- WHAT TO DO -
Once you have read the records below, restate them word for word.

____ RECORD EXTRACTS

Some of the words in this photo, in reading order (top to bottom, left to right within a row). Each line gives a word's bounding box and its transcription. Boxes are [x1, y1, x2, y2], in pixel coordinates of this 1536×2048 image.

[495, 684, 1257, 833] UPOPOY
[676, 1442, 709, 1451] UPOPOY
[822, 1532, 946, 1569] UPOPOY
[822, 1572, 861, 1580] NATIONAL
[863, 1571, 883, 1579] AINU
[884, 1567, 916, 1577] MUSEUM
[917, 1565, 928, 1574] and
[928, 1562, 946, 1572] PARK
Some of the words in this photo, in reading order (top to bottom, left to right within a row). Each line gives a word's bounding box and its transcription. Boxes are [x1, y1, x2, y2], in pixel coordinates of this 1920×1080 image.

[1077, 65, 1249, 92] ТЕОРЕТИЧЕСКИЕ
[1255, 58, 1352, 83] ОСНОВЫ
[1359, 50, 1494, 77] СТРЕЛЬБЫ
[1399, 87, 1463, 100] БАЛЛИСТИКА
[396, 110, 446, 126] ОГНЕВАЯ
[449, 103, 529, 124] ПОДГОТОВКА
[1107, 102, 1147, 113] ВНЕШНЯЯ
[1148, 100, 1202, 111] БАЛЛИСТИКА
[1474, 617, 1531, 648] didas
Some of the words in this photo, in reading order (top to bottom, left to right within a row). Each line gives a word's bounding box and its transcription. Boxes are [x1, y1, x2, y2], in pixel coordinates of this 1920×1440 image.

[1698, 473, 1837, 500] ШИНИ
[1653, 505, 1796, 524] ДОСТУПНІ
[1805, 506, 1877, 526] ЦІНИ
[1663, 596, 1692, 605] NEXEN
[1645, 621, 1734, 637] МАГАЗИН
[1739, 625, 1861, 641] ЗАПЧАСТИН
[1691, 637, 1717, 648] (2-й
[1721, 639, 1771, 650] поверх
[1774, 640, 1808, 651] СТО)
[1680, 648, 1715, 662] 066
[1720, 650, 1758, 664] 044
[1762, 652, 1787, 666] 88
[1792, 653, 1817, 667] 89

________

- ANSWER AREA -
Some of the words in this photo, in reading order (top to bottom, left to right within a row). Each line gives a word's bounding box and its transcription. Boxes are [x1, y1, x2, y2], in pixel coordinates of this 1536×2048 image.

[495, 684, 1257, 833] UPOPOY
[676, 1442, 709, 1451] UPOPOY
[822, 1532, 946, 1569] UPOPOY
[822, 1572, 861, 1580] NATIONAL
[863, 1571, 883, 1579] AINU
[884, 1567, 916, 1577] MUSEUM
[917, 1565, 928, 1574] and
[928, 1562, 946, 1572] PARK
Some of the words in this photo, in reading order (top to bottom, left to right within a row). Each line gives a word's bounding box and its transcription. Boxes are [x1, y1, x2, y2], in pixel coordinates of this 1920×1080 image.

[1077, 65, 1249, 92] ТЕОРЕТИЧЕСКИЕ
[1255, 58, 1352, 83] ОСНОВЫ
[1359, 50, 1494, 77] СТРЕЛЬБЫ
[1399, 87, 1463, 100] БАЛЛИСТИКА
[396, 110, 446, 126] ОГНЕВАЯ
[449, 103, 529, 124] ПОДГОТОВКА
[1107, 102, 1147, 113] ВНЕШНЯЯ
[1148, 100, 1202, 111] БАЛЛИСТИКА
[1474, 617, 1531, 648] didas
Some of the words in this photo, in reading order (top to bottom, left to right within a row). Each line gives a word's bounding box and its transcription. Boxes are [x1, y1, x2, y2], in pixel coordinates of this 1920×1440 image.

[1698, 473, 1837, 500] ШИНИ
[1653, 505, 1796, 524] ДОСТУПНІ
[1805, 506, 1877, 526] ЦІНИ
[1663, 596, 1692, 605] NEXEN
[1645, 621, 1734, 637] МАГАЗИН
[1739, 625, 1861, 641] ЗАПЧАСТИН
[1691, 637, 1717, 648] (2-й
[1721, 639, 1771, 650] поверх
[1774, 640, 1808, 651] СТО)
[1680, 648, 1715, 662] 066
[1720, 650, 1758, 664] 044
[1762, 652, 1787, 666] 88
[1792, 653, 1817, 667] 89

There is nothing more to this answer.